*PROBLEM DETAILS:*
The output should be exactly the lines from the one containing "Some of the words" through the last line of the records, and only those.

[[ RECORDS FOR PROCESSING, beginning ]]

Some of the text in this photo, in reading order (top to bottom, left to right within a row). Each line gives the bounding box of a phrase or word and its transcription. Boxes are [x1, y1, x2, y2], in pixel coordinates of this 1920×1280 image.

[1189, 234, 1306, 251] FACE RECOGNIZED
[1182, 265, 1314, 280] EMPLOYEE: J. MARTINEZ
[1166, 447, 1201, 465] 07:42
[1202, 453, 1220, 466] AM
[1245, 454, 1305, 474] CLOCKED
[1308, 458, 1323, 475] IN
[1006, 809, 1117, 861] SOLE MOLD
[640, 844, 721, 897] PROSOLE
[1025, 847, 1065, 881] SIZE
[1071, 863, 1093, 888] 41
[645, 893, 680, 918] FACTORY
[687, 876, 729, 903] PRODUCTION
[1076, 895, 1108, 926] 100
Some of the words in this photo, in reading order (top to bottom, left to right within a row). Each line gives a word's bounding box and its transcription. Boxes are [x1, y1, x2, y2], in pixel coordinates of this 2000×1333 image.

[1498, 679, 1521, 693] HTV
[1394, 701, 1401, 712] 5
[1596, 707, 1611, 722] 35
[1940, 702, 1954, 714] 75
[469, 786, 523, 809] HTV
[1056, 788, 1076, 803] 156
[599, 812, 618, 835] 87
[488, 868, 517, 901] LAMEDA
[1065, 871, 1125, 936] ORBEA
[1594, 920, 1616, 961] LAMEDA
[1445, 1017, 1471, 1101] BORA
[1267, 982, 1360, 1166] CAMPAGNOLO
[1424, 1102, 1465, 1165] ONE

[[ RECORDS FOR PROCESSING, end ]]

*REPLY TO THE TASK:*
Some of the words in this photo, in reading order (top to bottom, left to right within a row). Each line gives a word's bounding box and its transcription. Boxes are [x1, y1, x2, y2], in pixel coordinates of this 2000×1333 image.

[1498, 679, 1521, 693] HTV
[1394, 701, 1401, 712] 5
[1596, 707, 1611, 722] 35
[1940, 702, 1954, 714] 75
[469, 786, 523, 809] HTV
[1056, 788, 1076, 803] 156
[599, 812, 618, 835] 87
[488, 868, 517, 901] LAMEDA
[1065, 871, 1125, 936] ORBEA
[1594, 920, 1616, 961] LAMEDA
[1445, 1017, 1471, 1101] BORA
[1267, 982, 1360, 1166] CAMPAGNOLO
[1424, 1102, 1465, 1165] ONE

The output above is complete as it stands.